İSTİNAF SEBEPLERİ: Davalı vekili istinaf dilekçesinde özetle;Konya …Asliye Ticaret Mahkemesi 22.12.2021 tarihli görevsizlik kararına dayanak gösterdiği Yargıtay 11.HD’nin 05.10.2015 tarihli içtihadına konu davada, kanaatlerince taraflarının tacir olmaması ve muris babalarının terekesi olması nedeniyle “adi ortalık niteliğindeki ticari işletmenin tasfiyesi ve tasfiyeden düşen sermaye miktarının tahsili istemine ilişkin olması sebebiyle tasfiye işlemlerinin TMK’nın 634.maddesi uyarınca Sulh Hukuk Mahkemesi’nce” yapılacağına hükmedildiğini, Halbuki Konya …Asliye Ticaret Mahkemesinde görülen dava “Adi Ortaklığın Feshi ve Tasfiyesi” olup Konya Ticaret Sicili Müdürlüğünün 21/09/2020 tarih ve 2020 — GD — 8323 sayılı yazılarına göre tarafların ticaret sicilinde kayıtlarının bulunması nedeniyle tacir olduklarının görüldüğünü, ayrıca davacının tasfiyesi istenen adi ortaklıkta 90,62 davalının ise 9.38 nispetinde hisseleri olduğu 17.06.2021 tarihli bilirkişi raporu ile tespit edildiğini, bu nedenle görülen dava tarafların murisi …’in terekesinin tasfiyesi değil tarafların hisse oranlarının belirli olduğu Adi Ortaklığın feshi ve tasfiyesi olduğunu, bu nedenle Konya …Asliye Ticaret Mahkemesinin 28.01.2021 tarihli “tensip tutanağında” dava “adi ortaklığın tasfiyesi ve çıkma payının ödenmesi” olarak tespit edilmiş iken Mahkemenin 22.12.2021 tarihli Kararında “Terekenin Resmi Tasfiyesi” olarak gösterilerek görevsizlik kararı verilmesinin usul ve yasaya aykırı olduğunu beyanla verilen kararın kaldırılarak mahkemenin görevli olduğuna karar verilmesini talep etmiştir.

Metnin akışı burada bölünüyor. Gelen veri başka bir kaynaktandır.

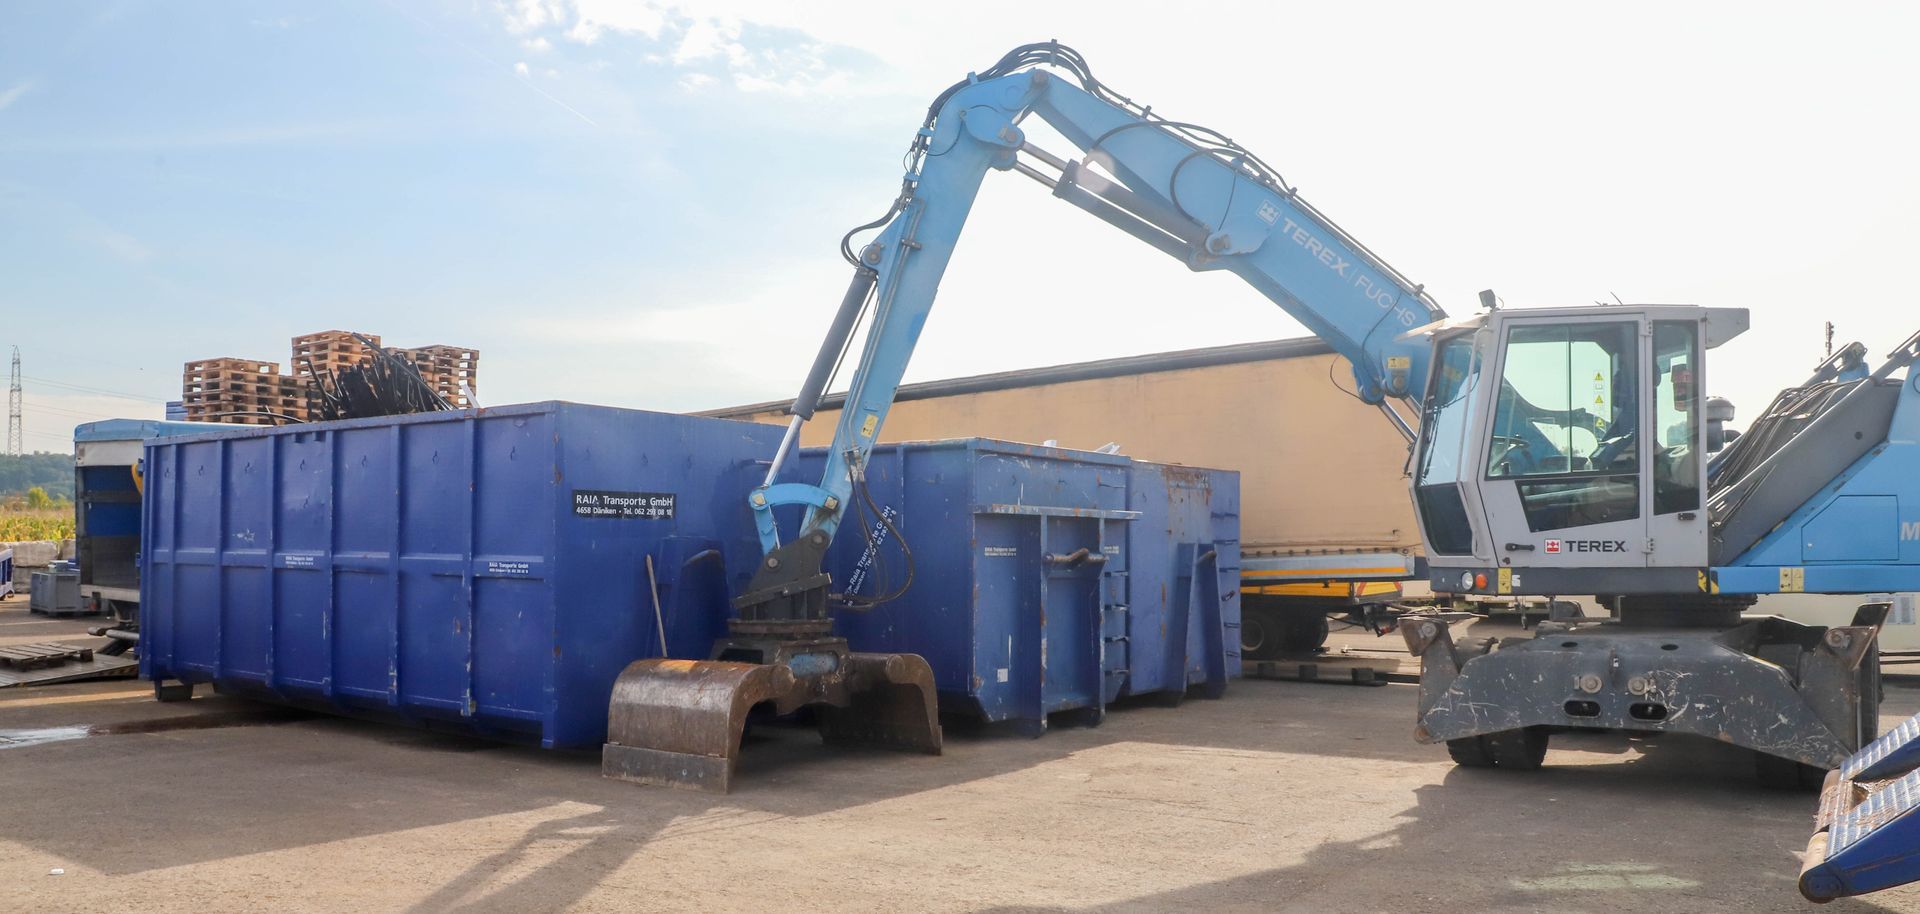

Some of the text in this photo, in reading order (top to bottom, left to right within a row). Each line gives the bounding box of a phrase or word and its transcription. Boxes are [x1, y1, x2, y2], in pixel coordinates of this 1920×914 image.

[1281, 217, 1350, 277] TEREX
[603, 495, 646, 507] Transporte
[650, 497, 673, 506] GmbH
[1565, 541, 1626, 552] TEREX
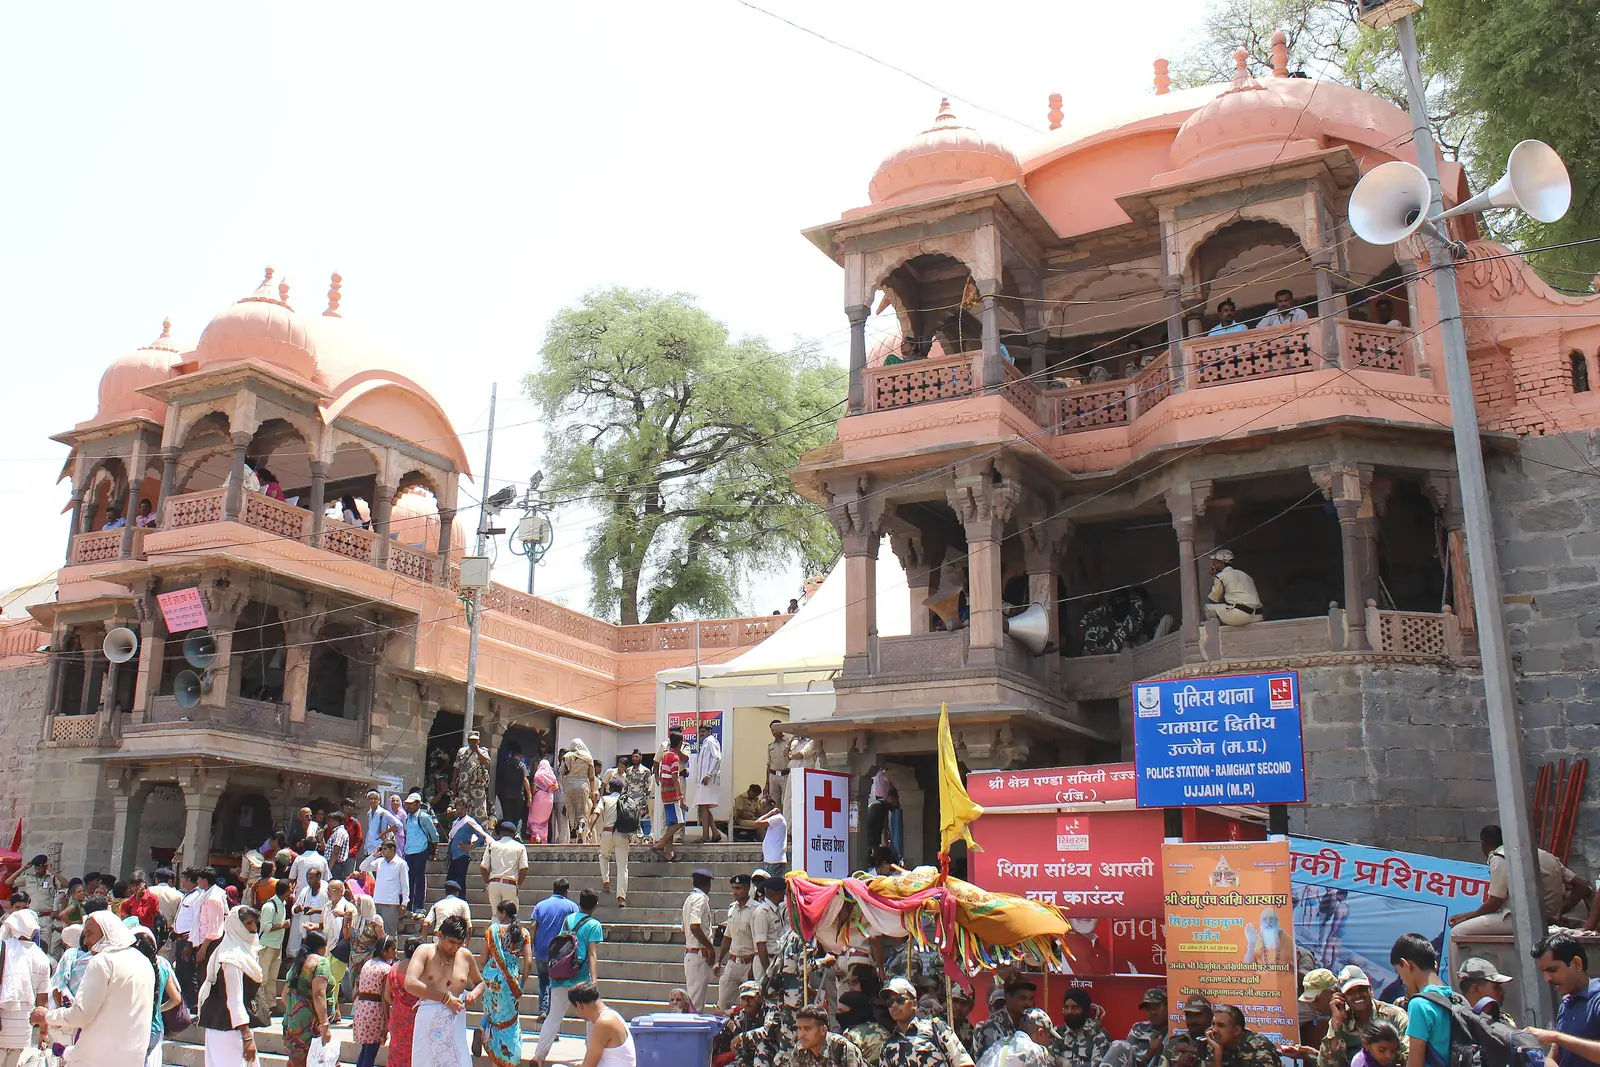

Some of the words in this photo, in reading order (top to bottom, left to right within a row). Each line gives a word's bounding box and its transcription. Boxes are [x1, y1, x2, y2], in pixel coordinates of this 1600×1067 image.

[1173, 684, 1214, 714] पुलिस
[1218, 688, 1254, 705] थाना
[1157, 720, 1218, 735] रामघाट
[1224, 713, 1276, 732] द्वितीय
[1168, 738, 1215, 756] उज्जैन
[1222, 738, 1266, 756] (म.प्र.)
[988, 776, 1004, 790] श्री
[1008, 776, 1029, 789] क्षेत्र
[1033, 775, 1063, 787] पण्डा
[1067, 769, 1107, 785] समिती
[1110, 770, 1136, 782] उज्ज
[1146, 767, 1174, 779] POLICE
[1176, 765, 1210, 778] STATION
[1215, 763, 1255, 777] RAMGHAT
[1257, 761, 1291, 775] SECOND
[1184, 784, 1224, 797] UJJAIN
[1227, 782, 1255, 798] (M.P.)
[811, 834, 821, 851] यहाँ
[822, 838, 833, 852] ब्लड
[833, 835, 845, 853] प्रेशर
[824, 856, 833, 873] एवं
[996, 858, 1038, 879] शिप्रा
[1044, 858, 1092, 878] सांध्य
[1098, 856, 1154, 877] आरती
[1353, 857, 1491, 903] प्रशिक्षण
[1063, 885, 1124, 906] काउंटर
[1164, 891, 1178, 905] श्री
[1202, 891, 1217, 905] पंच
[1244, 894, 1288, 908] आखाड़ा

DELİLLERİN DEĞERLENDİRİLMESİ VE GEREKÇE:
Dava; adi ortaklığın tasfiyesi talebine ilişkindir.
İstinaf incelemesi HMK 355. madde gereğince istinaf dilekçesinde ileri sürülen sebeplerle ve resen kamu düzenine aykırılık yönünden sınırlı olarak yapılmıştır.
6102 sayılı TTK’nın 4.maddesine göre bir davanın ticari dava olabilmesi için uyuşmazlığın her iki tarafın ticari işletmesiyle ilgili hususlardan doğmuş bulunması veya anılan yasa maddesinde sayılan mutlak ticari davalardan sayılması gerekir.

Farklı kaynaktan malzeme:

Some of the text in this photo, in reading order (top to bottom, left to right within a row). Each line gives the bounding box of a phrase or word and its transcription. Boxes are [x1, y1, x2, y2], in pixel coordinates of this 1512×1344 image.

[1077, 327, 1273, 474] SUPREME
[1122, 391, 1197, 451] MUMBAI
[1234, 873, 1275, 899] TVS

6102 sayılı TTK’nın 12. maddesinde “Bir ticari işletmeyi, kısmen de olsa, kendi adına işleten kişiye tacir denir” hükmünü içermektedir.
TTK’nın 19.maddesinde “Bir tacirin borçlarının ticari olması asıldır. Ancak, gerçek kişi olan bir tacir, işlemi yaptığı anda bunun ticari işletmesiyle ilgili olmadığını diğer tarafa açıkça bildirdiği veya işin ticari sayılmasına durum elverişli olmadığı takdirde borç adi sayılır. Taraflardan yalnız biri için ticari iş niteliğinde olan sözleşmeler, Kanunda aksine hüküm bulunmadıkça, diğeri için de ticari iş sayılır” hükmü bulunmaktadır
Asliye Ticaret Mahkemesi ile Asliye Hukuk Mahkemesi ve diğer hukuk mahkemeleri arasındaki ilişki görev ilişkisi olup, bu durumda göreve ilişkin usul hükümleri uygulanır.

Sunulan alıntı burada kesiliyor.